Kali ini Naoko yang menjadi pucat.
“Sebenarnya saya ga boleh mengatakan hal ini kepada pasien..” kata perawat. Setelah mempertimbangkannya sejenak, dia pun menceritakannya.
“Apartemen tempat tinggal pasien bernama Tanaka itu, tengah malam 4 hari yang lalu terbakar. Seluruh tubuhnya terbakar hebat., lalu dia dibawa kerumah sakit. Parah sekali. Dokter, dan kami semua, merawatnya semalaman, tapi paginya, dia meninggal.. itu, pagi kemarin dulu.”
“Tapi, tapi orang yang ketemu Naoko di toilet, itu mungkin orang lain…” potony Michiyo dari tempat tidur sebelah. Perawat itu berkata, “Tidak, itu pasti Tanaka. Kakinya memang agak cacat, dan dia mengenakan piyama merah jambu. Dan…”

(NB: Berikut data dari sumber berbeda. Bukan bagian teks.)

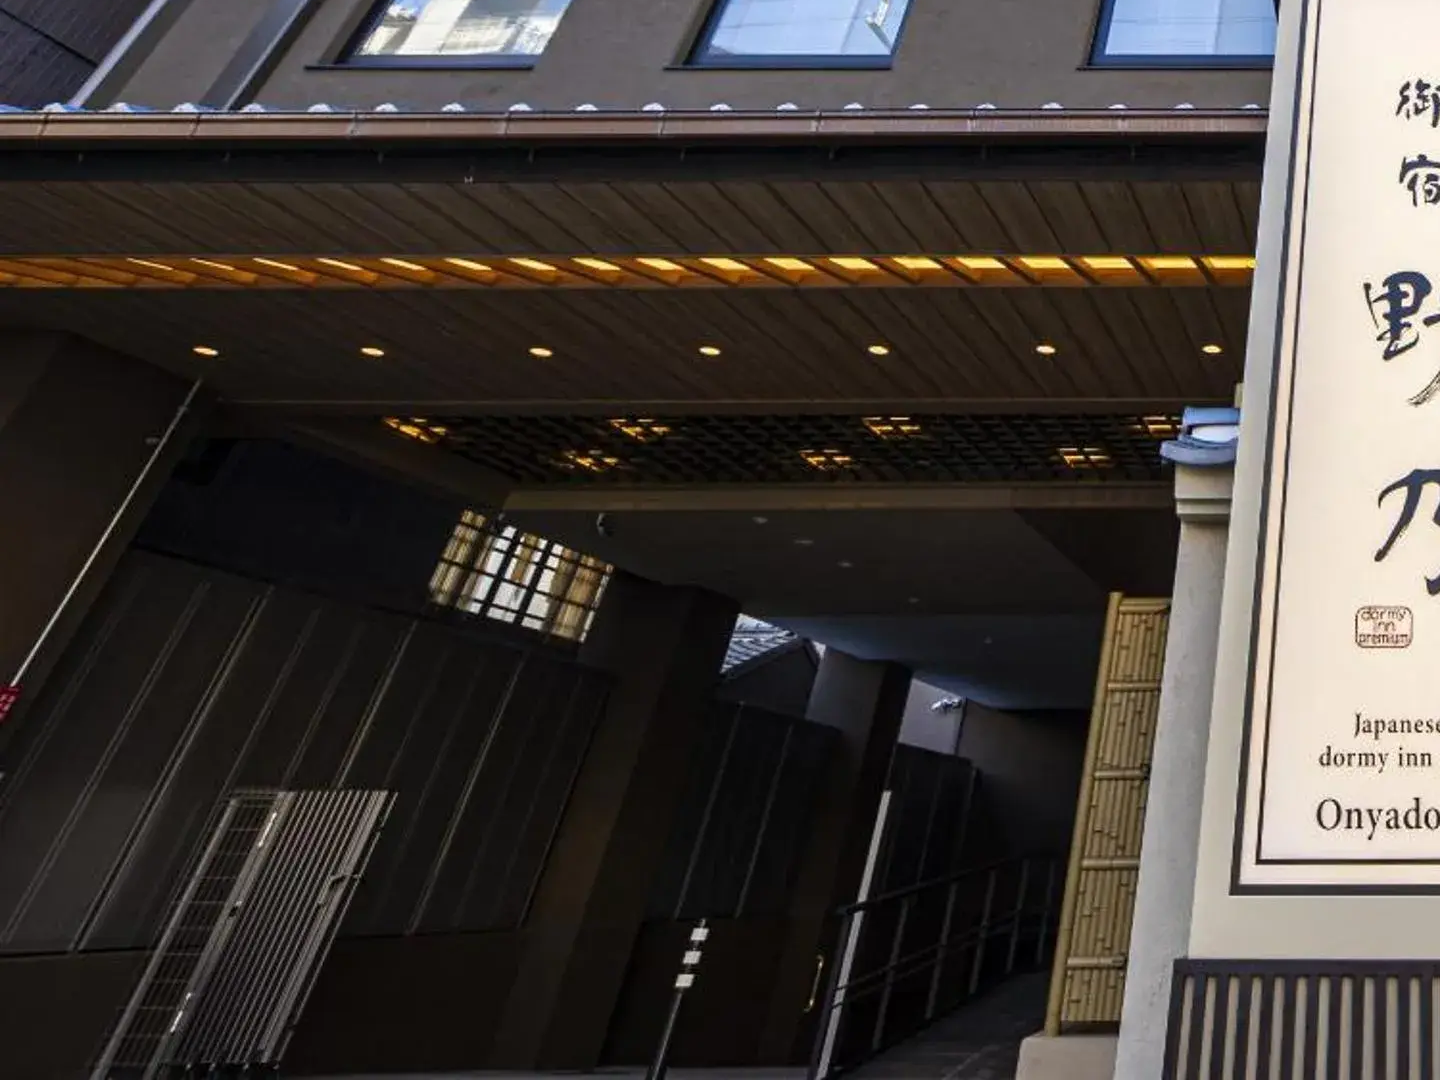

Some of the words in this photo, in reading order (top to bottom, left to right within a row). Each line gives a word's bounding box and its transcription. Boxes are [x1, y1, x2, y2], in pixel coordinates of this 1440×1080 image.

[1361, 607, 1407, 621] dormy
[1373, 620, 1396, 632] inn
[1359, 633, 1409, 645] premium
[1318, 745, 1389, 773] dormy
[1398, 746, 1432, 767] inn
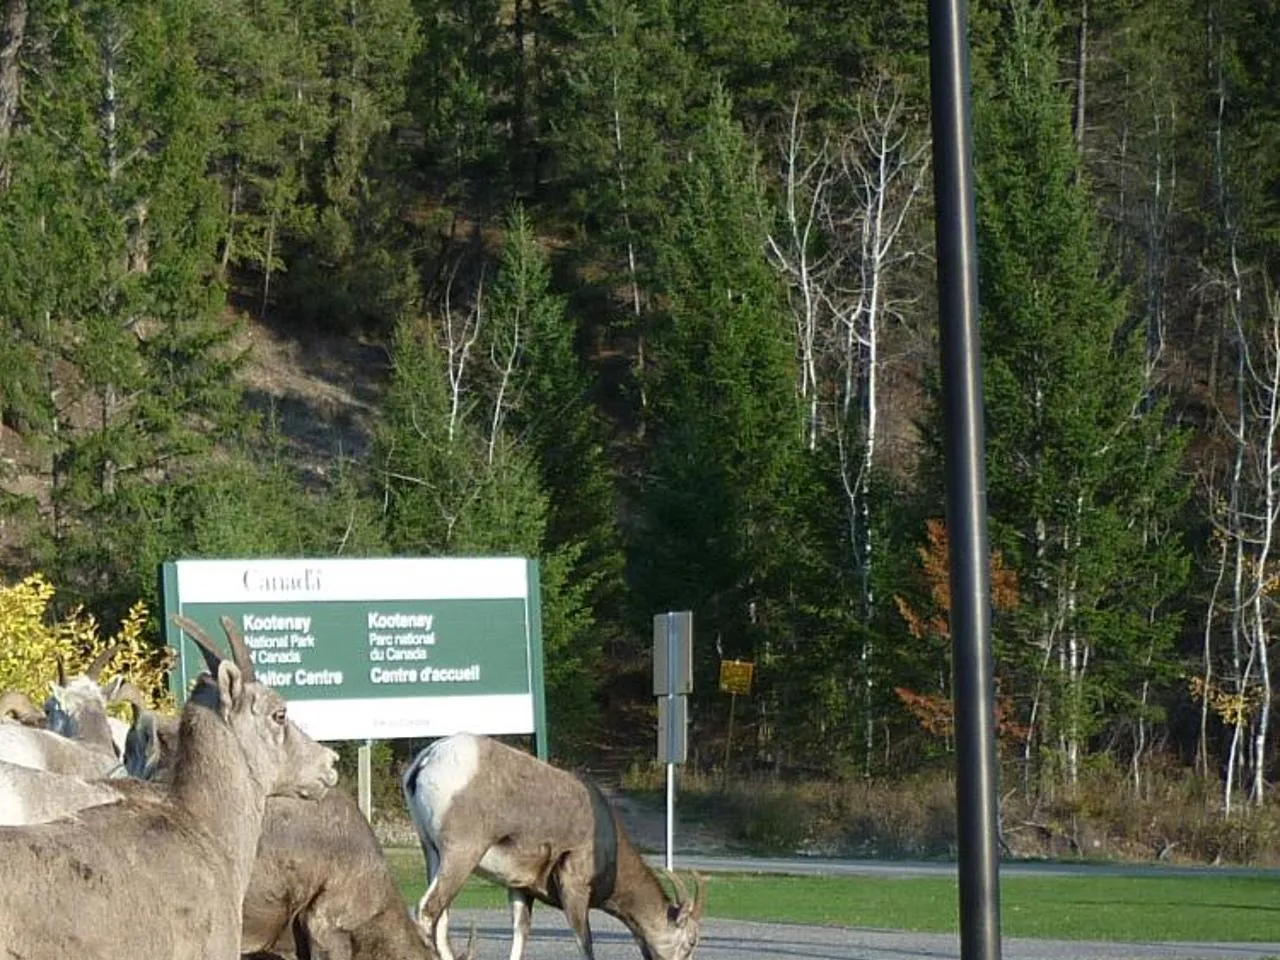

Perawat itu menarik napas dalam-dalam, lalu menambahkan, “Dia, masih ada di rumah sakit”
Dengan gemetar Naoko menatap Michiyo.
Perawat melanjutkan ceritanya. “Keluarganya, ada di Okinawa, di pulau kecil. Anggota keluarganya sudah diberi kabar dan akan datang mengambil jenazahnya. Tapi karena ada angina topan, kapal tidak bisa berlayar. Makanya, sejak pagi kemarin dulu, dia terus di kamar mayat di lantai bawah menunggu dijemput keluarganya.”
“Ja..jadi, orang yang ketemu saya di toilet itu.. Tanaka?”
Dengan wajah pucat, perawat itu mengangguk.
Siang itu, jenazah Tanaka diambil oleh keluarganya. Namun rumah sakit menjadi gempar, karena selain Naoko, masih ada orang lain yang pernah melihat Tanaka berjalan di koridor pada tengah malam.
Kabarnya, diujung kaki jenazah Tanaka yang terbaring di kamar mayat, terdapat sepasang selop, yang tak seorang pun merasa telah meletakkannya disitu.